| Source information |
++++++++++

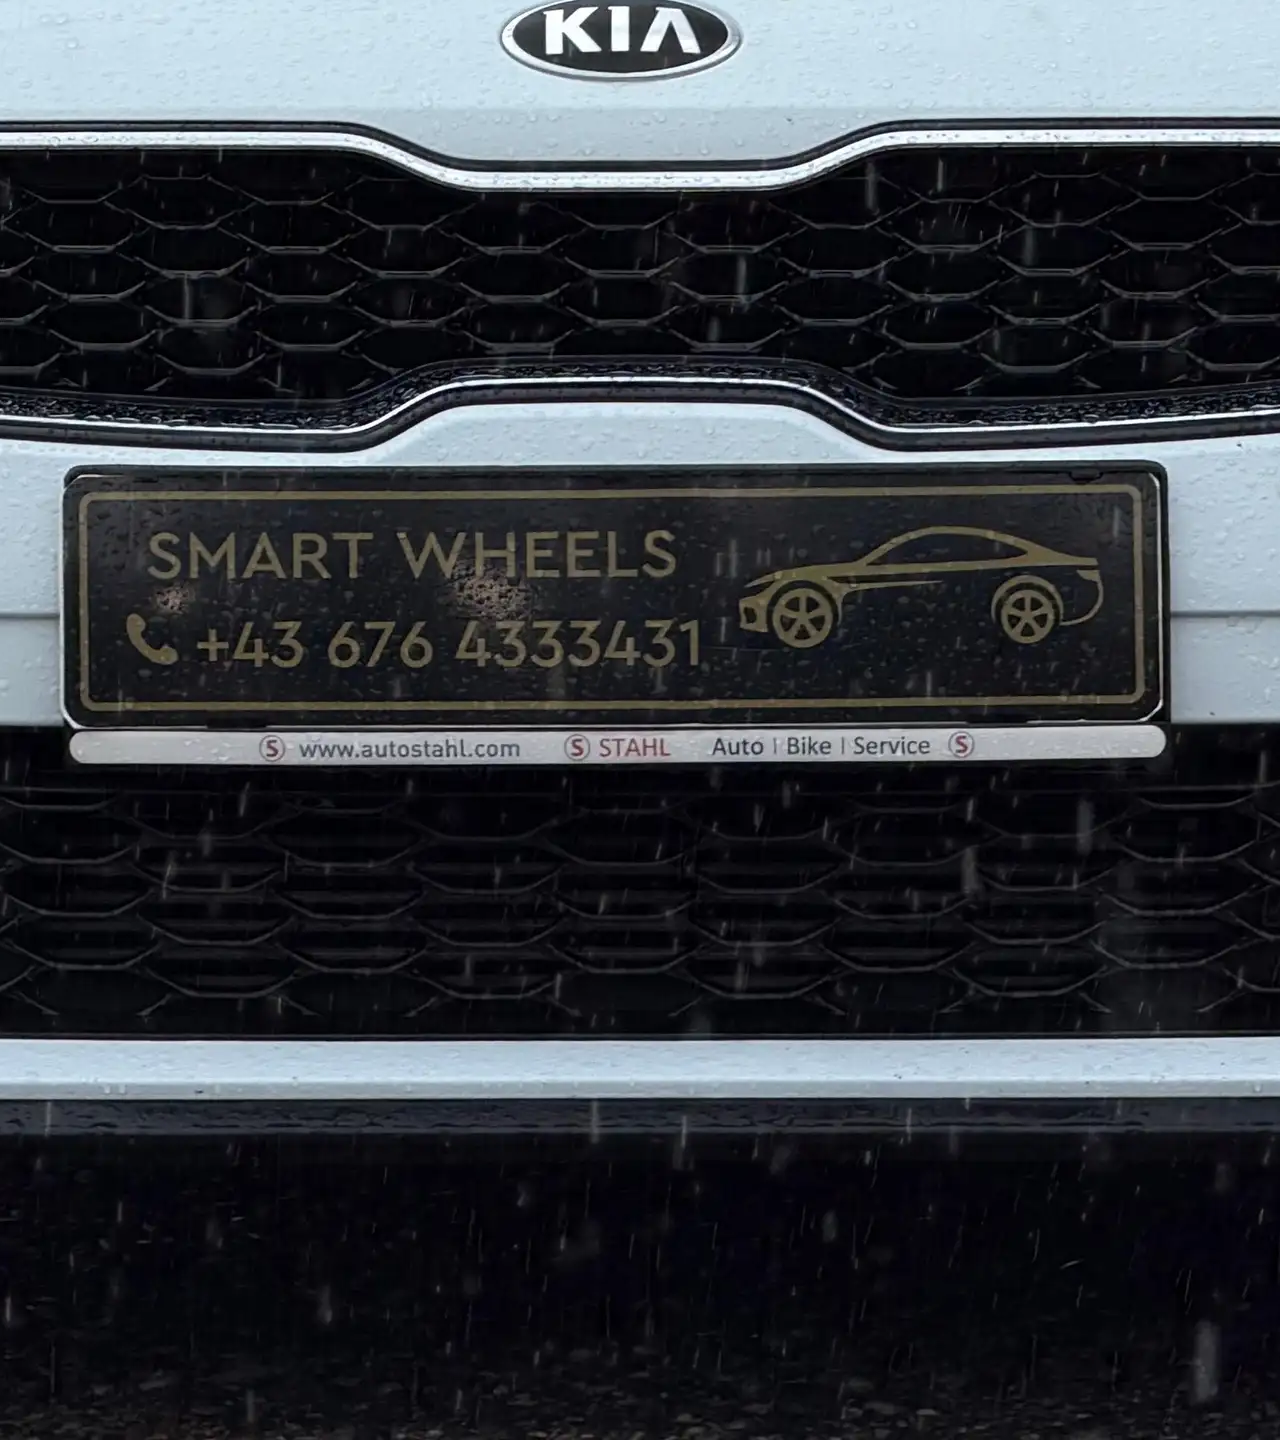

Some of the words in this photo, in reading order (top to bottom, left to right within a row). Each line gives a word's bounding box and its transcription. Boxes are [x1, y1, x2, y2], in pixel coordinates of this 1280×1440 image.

[543, 6, 701, 54] KIA
[147, 531, 374, 580] SMART
[396, 529, 677, 579] WHEELS
[196, 620, 304, 669] +43
[327, 620, 433, 669] 676
[455, 619, 700, 668] 4333431
[299, 738, 520, 760] www.autostahl.com
[599, 737, 671, 757] STAHL
[711, 737, 764, 756] Auto
[787, 736, 832, 755] Bike
[853, 736, 931, 755] Service
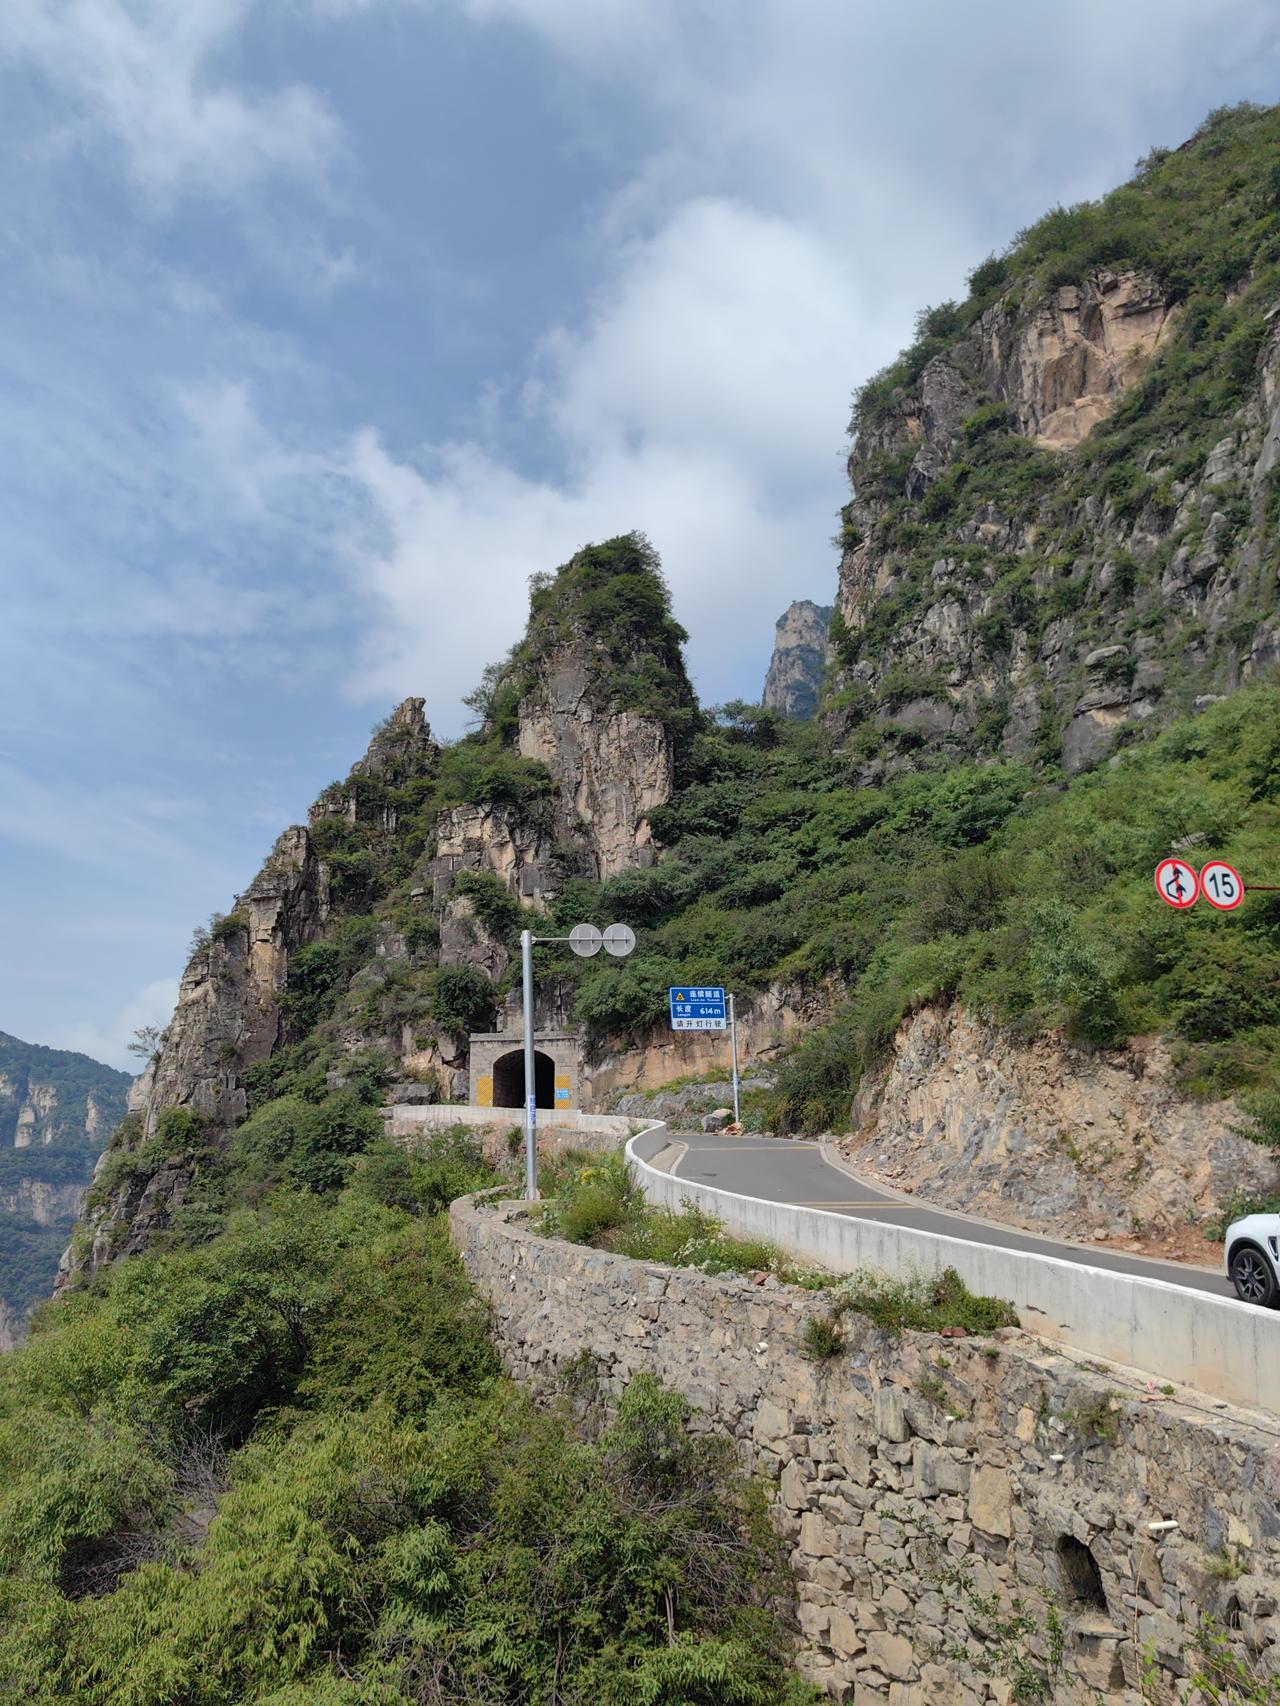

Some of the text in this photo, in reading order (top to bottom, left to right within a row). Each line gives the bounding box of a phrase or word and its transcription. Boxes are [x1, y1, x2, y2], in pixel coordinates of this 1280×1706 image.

++++++++++

| Exercise requirements |
Once the pictures have been removed, reproduce each line of the material above exactly.

| Finished exercise |
Some of the words in this photo, in reading order (top to bottom, left to right within a row). Each line gives a word's bounding box and its transcription. Boxes are [x1, y1, x2, y2], in pixel coordinates of this 1280×1440 image.

[543, 6, 701, 54] KIA
[147, 531, 374, 580] SMART
[396, 529, 677, 579] WHEELS
[196, 620, 304, 669] +43
[327, 620, 433, 669] 676
[455, 619, 700, 668] 4333431
[299, 738, 520, 760] www.autostahl.com
[599, 737, 671, 757] STAHL
[711, 737, 764, 756] Auto
[787, 736, 832, 755] Bike
[853, 736, 931, 755] Service

Some of the text in this photo, in reading order (top to bottom, left to right within a row). Each line gives the bounding box of a phrase or word and its transcription. Boxes are [x1, y1, x2, y2], in pixel coordinates of this 1280×1706 image.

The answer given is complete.